◆ **EXERCISE INSTRUCTIONS**
Would you copy out exactly the lines of the listing below, beginning with the one that contains "this 1242×2208 image." and ending with the last?

[Start of Attachment]

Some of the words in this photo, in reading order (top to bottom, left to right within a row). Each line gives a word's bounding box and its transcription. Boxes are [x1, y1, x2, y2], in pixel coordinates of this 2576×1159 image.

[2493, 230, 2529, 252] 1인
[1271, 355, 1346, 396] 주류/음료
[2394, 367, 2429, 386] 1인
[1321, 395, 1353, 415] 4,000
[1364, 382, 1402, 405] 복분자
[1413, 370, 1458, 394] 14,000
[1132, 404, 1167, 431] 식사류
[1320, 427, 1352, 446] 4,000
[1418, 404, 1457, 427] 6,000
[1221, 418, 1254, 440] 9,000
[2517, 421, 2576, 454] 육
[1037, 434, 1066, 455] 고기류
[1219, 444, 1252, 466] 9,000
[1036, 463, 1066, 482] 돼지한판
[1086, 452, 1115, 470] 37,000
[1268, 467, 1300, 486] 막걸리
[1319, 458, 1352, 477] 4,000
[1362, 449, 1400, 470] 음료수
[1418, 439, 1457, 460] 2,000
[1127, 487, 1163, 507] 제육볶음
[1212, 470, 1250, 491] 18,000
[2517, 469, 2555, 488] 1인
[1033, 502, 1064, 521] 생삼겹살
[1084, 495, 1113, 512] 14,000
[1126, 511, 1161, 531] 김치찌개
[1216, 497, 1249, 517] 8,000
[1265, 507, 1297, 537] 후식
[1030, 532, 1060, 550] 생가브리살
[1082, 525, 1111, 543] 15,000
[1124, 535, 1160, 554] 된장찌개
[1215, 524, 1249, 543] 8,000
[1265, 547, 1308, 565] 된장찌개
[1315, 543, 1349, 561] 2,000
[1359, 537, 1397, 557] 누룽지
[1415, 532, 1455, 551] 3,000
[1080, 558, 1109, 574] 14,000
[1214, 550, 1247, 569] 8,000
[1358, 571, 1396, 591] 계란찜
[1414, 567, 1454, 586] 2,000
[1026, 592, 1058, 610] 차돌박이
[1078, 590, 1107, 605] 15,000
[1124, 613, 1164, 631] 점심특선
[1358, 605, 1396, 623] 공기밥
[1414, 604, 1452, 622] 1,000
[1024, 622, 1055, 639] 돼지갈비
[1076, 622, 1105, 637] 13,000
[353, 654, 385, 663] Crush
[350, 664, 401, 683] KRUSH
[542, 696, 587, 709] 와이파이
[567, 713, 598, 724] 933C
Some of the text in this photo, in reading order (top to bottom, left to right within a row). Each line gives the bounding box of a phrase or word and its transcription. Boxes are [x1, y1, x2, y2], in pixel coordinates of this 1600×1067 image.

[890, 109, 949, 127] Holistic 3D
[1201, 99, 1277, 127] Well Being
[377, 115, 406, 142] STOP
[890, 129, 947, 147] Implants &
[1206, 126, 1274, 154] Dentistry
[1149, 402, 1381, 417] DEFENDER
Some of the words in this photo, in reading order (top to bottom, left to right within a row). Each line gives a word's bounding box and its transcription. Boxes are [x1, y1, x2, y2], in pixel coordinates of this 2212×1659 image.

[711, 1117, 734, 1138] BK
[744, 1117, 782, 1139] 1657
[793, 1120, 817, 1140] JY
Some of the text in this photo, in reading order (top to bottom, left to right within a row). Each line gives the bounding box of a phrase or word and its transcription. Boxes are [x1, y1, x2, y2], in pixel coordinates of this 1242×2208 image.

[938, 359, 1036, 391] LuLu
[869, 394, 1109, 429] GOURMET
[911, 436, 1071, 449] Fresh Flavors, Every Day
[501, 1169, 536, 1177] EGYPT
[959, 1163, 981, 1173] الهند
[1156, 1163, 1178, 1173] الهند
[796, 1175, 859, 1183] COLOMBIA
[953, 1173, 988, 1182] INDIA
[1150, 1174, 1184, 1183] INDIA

[End of Attachment]

◆ **RESULT**
Some of the text in this photo, in reading order (top to bottom, left to right within a row). Each line gives the bounding box of a phrase or word and its transcription. Boxes are [x1, y1, x2, y2], in pixel coordinates of this 1242×2208 image.

[938, 359, 1036, 391] LuLu
[869, 394, 1109, 429] GOURMET
[911, 436, 1071, 449] Fresh Flavors, Every Day
[501, 1169, 536, 1177] EGYPT
[959, 1163, 981, 1173] الهند
[1156, 1163, 1178, 1173] الهند
[796, 1175, 859, 1183] COLOMBIA
[953, 1173, 988, 1182] INDIA
[1150, 1174, 1184, 1183] INDIA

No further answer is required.